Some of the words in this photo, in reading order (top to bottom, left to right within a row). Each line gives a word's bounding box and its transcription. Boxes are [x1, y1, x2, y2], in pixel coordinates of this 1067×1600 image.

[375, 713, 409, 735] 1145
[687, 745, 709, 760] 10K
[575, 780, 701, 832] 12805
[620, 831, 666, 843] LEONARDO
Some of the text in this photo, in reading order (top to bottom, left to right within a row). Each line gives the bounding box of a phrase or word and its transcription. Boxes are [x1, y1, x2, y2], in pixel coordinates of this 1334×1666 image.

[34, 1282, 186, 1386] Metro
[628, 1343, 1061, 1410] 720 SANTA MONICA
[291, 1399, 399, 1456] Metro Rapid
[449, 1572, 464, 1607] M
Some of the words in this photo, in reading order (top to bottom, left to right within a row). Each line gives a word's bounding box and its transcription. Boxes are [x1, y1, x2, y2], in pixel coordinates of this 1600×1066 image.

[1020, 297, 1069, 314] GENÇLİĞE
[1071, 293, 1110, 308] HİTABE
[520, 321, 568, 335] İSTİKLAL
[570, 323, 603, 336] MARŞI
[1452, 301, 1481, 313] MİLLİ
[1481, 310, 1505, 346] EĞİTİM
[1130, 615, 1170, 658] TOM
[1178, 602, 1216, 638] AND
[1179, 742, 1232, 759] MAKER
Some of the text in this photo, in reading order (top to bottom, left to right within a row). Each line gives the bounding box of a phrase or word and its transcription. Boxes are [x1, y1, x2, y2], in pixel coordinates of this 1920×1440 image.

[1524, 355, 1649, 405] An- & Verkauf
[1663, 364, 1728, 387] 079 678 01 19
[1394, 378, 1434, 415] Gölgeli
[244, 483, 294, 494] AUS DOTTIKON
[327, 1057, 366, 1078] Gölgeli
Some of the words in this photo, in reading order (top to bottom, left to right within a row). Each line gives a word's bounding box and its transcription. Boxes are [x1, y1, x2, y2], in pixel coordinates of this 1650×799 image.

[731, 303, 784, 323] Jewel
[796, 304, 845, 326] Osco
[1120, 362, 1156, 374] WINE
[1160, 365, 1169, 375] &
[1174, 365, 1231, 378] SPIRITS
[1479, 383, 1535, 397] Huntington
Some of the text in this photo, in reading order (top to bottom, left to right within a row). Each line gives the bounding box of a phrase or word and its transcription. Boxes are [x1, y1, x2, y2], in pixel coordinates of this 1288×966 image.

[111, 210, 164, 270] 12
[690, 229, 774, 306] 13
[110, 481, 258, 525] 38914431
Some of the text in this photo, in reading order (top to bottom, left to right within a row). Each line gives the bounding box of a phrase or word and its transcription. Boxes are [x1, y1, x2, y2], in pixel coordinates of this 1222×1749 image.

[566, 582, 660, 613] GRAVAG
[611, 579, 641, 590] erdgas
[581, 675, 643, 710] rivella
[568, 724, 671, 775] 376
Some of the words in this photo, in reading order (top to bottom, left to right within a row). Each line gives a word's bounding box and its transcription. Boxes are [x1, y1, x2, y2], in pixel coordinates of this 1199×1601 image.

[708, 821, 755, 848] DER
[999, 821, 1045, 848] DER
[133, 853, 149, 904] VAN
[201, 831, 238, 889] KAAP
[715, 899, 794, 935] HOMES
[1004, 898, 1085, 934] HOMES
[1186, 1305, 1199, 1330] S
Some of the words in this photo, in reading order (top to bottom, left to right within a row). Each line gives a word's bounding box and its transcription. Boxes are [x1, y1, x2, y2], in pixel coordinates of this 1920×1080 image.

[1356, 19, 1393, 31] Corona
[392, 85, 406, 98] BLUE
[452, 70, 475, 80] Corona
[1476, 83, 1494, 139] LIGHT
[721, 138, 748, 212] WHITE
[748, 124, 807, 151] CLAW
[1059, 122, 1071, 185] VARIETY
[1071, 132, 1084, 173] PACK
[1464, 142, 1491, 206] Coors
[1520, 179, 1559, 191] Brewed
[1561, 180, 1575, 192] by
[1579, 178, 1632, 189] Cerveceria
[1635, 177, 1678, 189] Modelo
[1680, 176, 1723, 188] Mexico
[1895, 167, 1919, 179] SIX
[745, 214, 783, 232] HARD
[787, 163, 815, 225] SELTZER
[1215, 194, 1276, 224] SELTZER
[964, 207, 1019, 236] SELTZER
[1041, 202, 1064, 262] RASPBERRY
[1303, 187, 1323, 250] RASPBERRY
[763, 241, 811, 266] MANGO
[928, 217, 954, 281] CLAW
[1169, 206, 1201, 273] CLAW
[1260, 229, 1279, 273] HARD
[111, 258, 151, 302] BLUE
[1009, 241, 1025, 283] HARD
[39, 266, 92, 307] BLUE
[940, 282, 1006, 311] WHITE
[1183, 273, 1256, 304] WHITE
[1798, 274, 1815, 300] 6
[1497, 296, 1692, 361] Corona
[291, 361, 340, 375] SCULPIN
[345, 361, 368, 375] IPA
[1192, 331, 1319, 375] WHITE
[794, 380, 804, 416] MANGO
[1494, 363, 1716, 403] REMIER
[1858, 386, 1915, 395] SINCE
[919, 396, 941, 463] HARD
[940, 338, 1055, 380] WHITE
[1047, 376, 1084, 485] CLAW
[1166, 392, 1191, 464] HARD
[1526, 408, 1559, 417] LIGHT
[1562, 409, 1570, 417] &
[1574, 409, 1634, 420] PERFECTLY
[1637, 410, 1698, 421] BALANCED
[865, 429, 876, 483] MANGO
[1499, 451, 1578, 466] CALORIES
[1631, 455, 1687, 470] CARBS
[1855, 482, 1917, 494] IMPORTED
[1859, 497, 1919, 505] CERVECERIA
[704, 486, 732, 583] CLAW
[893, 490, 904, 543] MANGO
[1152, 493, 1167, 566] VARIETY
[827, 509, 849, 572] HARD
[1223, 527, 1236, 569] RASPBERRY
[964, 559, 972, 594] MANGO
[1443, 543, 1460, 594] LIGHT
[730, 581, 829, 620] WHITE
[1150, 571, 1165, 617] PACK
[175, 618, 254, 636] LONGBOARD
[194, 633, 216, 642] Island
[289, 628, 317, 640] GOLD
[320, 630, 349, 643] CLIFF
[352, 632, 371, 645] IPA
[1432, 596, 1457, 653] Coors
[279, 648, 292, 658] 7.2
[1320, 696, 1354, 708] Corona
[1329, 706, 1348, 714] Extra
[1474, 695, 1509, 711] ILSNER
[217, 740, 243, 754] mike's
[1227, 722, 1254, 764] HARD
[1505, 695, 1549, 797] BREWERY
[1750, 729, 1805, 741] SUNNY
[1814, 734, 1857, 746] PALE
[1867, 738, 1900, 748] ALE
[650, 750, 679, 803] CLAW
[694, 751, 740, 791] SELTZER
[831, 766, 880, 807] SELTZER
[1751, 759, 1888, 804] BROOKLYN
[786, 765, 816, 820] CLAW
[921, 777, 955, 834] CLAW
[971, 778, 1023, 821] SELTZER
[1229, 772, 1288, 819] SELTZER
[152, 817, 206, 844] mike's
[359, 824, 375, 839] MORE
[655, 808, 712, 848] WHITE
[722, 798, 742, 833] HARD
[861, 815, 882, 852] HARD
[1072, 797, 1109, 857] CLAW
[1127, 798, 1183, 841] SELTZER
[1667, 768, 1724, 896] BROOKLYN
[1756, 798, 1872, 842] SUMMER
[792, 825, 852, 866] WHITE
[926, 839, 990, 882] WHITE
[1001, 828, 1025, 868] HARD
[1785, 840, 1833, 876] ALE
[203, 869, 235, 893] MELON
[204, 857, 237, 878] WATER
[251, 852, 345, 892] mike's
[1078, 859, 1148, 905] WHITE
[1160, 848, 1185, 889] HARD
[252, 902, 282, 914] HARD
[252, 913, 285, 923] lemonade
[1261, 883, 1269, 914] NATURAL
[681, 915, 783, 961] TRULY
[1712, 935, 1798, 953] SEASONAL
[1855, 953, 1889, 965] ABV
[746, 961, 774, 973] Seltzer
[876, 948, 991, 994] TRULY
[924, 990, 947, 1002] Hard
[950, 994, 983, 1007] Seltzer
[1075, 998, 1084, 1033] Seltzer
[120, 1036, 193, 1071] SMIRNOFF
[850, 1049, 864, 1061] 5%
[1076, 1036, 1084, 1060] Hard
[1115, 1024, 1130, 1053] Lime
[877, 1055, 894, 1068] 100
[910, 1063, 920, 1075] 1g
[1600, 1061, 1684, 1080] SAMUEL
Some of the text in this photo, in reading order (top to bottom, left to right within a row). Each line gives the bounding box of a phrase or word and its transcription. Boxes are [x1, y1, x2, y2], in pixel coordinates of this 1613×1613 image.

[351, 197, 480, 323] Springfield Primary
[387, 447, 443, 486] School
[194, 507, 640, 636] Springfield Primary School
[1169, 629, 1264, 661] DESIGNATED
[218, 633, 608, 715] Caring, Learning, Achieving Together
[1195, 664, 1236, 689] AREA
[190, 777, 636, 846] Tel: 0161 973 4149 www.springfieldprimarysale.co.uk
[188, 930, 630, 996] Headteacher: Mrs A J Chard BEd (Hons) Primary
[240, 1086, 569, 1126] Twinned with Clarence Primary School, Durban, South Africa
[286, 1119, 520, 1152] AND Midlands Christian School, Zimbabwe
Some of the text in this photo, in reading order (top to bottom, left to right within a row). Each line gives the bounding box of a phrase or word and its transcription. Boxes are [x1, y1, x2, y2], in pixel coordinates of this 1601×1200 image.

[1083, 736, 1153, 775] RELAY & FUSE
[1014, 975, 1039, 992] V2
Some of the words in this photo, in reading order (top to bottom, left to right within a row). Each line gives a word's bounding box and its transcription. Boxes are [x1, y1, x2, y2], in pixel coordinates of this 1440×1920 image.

[How to complete this task]: Reproduce, with no other lines, the run of lines that begins with the one containing "this 1601×1200 image." and ends with the last line of the material.

[Completed exercise]:
Some of the text in this photo, in reading order (top to bottom, left to right within a row). Each line gives the bounding box of a phrase or word and its transcription. Boxes are [x1, y1, x2, y2], in pixel coordinates of this 1601×1200 image.

[1083, 736, 1153, 775] RELAY & FUSE
[1014, 975, 1039, 992] V2
Some of the words in this photo, in reading order (top to bottom, left to right within a row). Each line gives a word's bounding box and its transcription. Boxes are [x1, y1, x2, y2], in pixel coordinates of this 1440×1920 image.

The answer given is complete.